Como morrem os pobres e outros ensaios | George Orwell

Companhia das Letras, 2011

O primeiro livro a aparecer por aqui não poderia ser de outro, senão daquele que é meu autor favorito, ao lado de Franz Kafka: o britânico George Orwell.

Autor dos consagrados 1984 e A Revolução dos Bichos, Orwell não apenas foi capaz de prever aquele futuro sombrio que chamamos de tempo presente, mas também descreveu como ninguém, em seus ensaios, o contexto político-social europeu das décadas de 30 e 40. De escrita fluída, conquista pela simplicidade das construções de suas frases e pela profundidade de seus questionamentos acerca da vida em sociedade.

Costumo dizer que, para se escrever uma boa história de ficção, o autor precisa ou ter vivenciado aquilo que descreve em seus livros, ou estudado profundamente sobre os temas. Um escritor vindo de família rica da Noruega, por exemplo, dificilmente será capaz de ambientar seus romances em um vilarejo na fronteira entre Índia e Bangladesh. Se o fizer sem o devido estudo, ou sem uma imersão total naquele universo, acabará criando um cenário absurdamente falso, distante da realidade de quem vive naquela região. Um escritor precisa, antes de qualquer coisa, desenvolver sua empatia e saber colocar-se no lugar dos personagens que cria. Apenas assim seus personagens terão uma alma, e apenas assim seus leitores conseguiram se identificar com a história narrada em seus livros.

George Orwell também pensava assim. Não que tenha dito ou escrito algo do tipo – pelo menos não que eu saiba ou me recorde – mas por ter decidido vivenciar o que é estar abaixo da linha da pobreza em uma Europa castigada pela guerra e pela crise de 1929.

Entre 1929 e 1932, Orwell deixou o conforto de seu apartamento londrino e foi viver como indigente. Nos textos reunidos nesta edição da Companhia das Letras, descreve em detalhes as dificuldades que enfrentou em albergues, hospitais para indigentes, na prisão e no árduo e pessimamente remunerado trabalho de colheita do lúpulo. Posteriormente, em 1946, resumiu sua experiência em artigo que dá nome a este livro, o qual encerra a primeira de suas seis partes.
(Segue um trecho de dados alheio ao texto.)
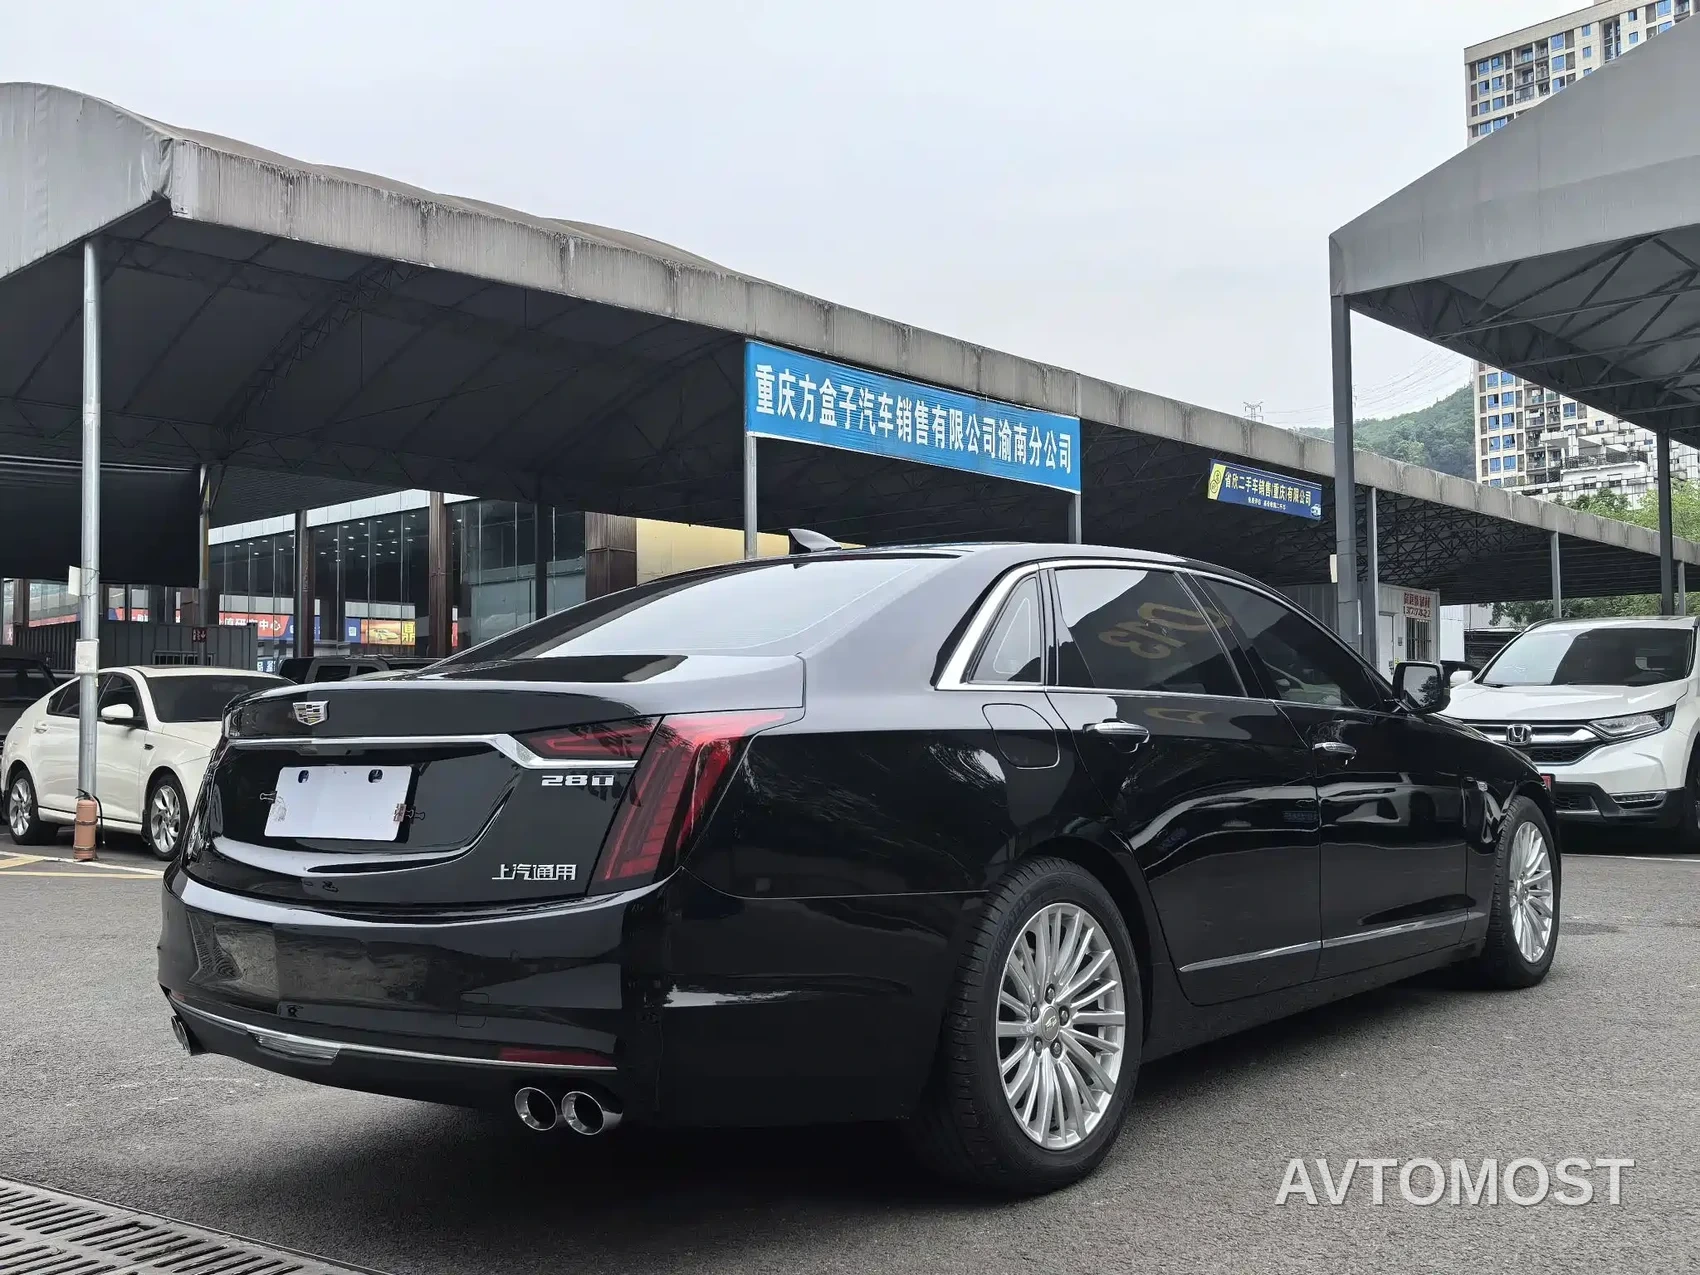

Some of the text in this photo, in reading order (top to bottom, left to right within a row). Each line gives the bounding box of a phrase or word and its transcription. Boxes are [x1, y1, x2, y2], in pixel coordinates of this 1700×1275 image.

[754, 364, 1072, 474] 重庆方盒子汽车销售有限公司渝南分公司
[541, 774, 614, 786] 28T
[491, 863, 577, 881] 上汽通用
Nas outras cinco partes, aborda a defesa da linguagem clara; a honestidade intelectual – tema tão conclamado e tão pouco compreendido nos dias de hoje; o que vem a ser pacifismo; a dinâmica social na Inglaterra de seu tempo, que nos dá melhor perspectiva sobre o que se transformou a Inglaterra nos dias atuais; dentre outros assuntos dos mais variados.

Se quer conhecer o Orwell “mainstream”, leia 1984 e A Revolução dos Bichos. Agora, se quer conhecer o George, cidadão britânico que melhor reflete a imagem de um ativista social, leia esta maravilhosa coletânea de ensaios, publicada pela Companhia das Letras.